[GIVEN RECORDS Boundary: Start]

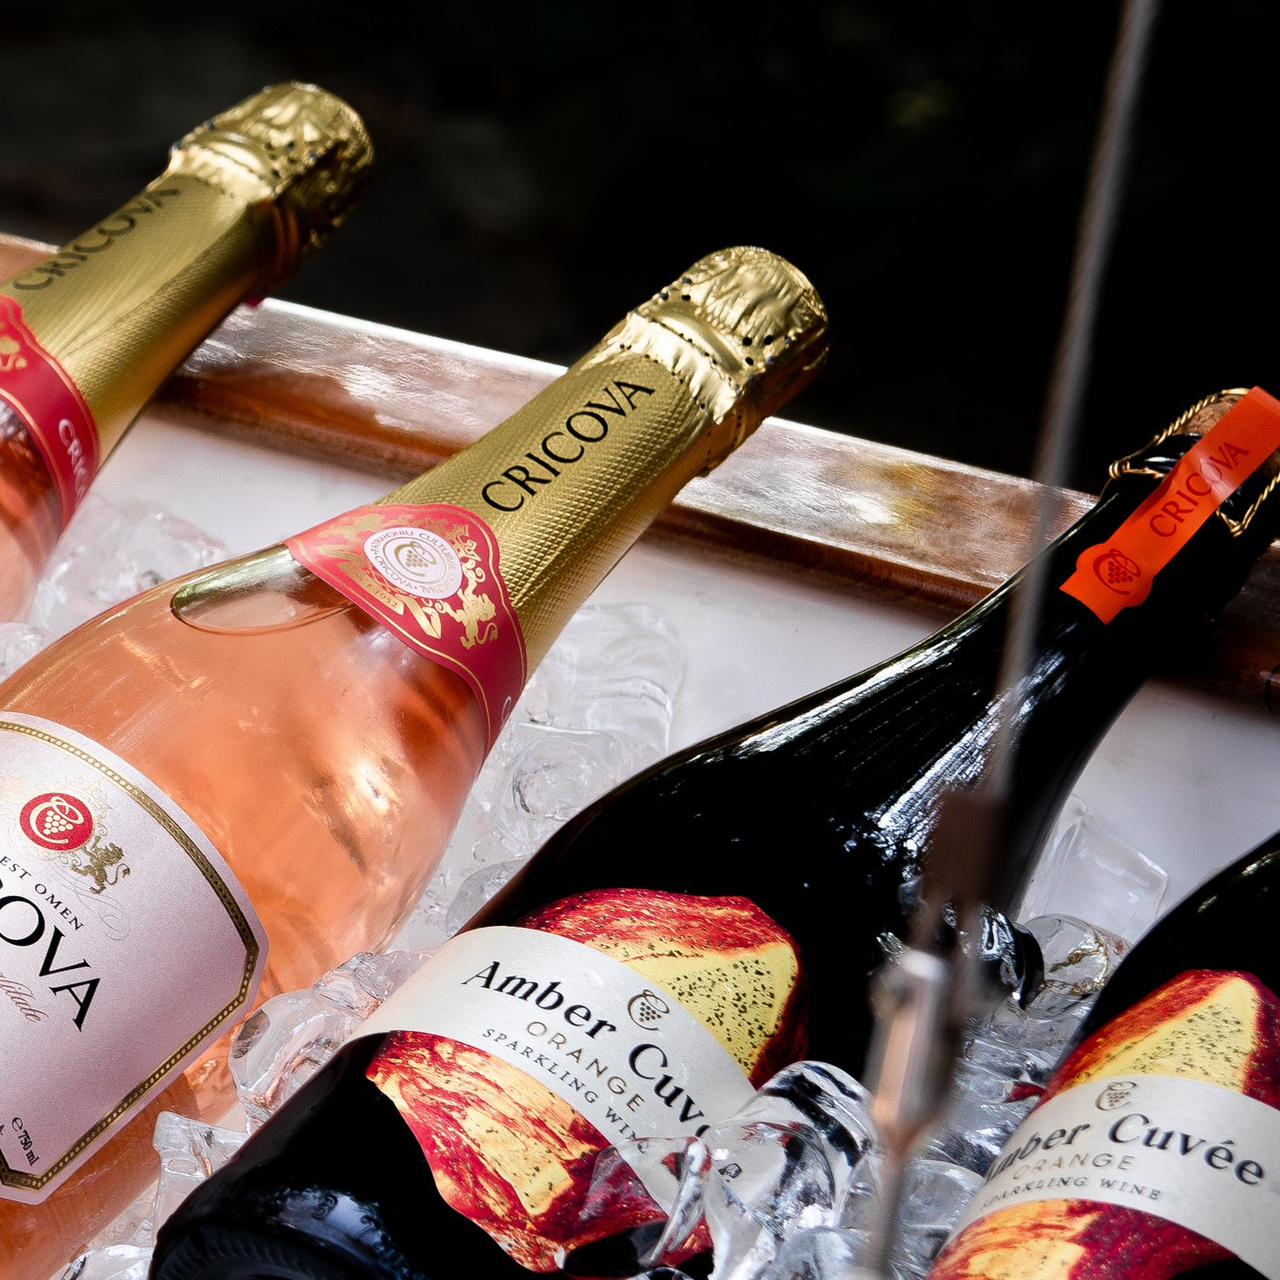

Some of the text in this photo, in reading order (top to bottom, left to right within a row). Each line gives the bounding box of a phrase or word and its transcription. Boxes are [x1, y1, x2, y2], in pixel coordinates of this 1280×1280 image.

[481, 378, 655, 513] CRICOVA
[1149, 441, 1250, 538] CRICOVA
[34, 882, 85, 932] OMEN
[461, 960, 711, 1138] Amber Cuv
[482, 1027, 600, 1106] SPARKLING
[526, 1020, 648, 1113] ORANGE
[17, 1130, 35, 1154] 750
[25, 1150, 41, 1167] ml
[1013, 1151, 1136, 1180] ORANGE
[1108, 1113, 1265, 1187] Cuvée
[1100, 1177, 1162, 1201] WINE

[GIVEN RECORDS Boundary: End]

PROBLEM TO SOLVE: Your copy must match the records above word for word and contain no pictures.

OUTPUT FOR THIS EXERCISE:
Some of the text in this photo, in reading order (top to bottom, left to right within a row). Each line gives the bounding box of a phrase or word and its transcription. Boxes are [x1, y1, x2, y2], in pixel coordinates of this 1280×1280 image.

[481, 378, 655, 513] CRICOVA
[1149, 441, 1250, 538] CRICOVA
[34, 882, 85, 932] OMEN
[461, 960, 711, 1138] Amber Cuv
[482, 1027, 600, 1106] SPARKLING
[526, 1020, 648, 1113] ORANGE
[17, 1130, 35, 1154] 750
[25, 1150, 41, 1167] ml
[1013, 1151, 1136, 1180] ORANGE
[1108, 1113, 1265, 1187] Cuvée
[1100, 1177, 1162, 1201] WINE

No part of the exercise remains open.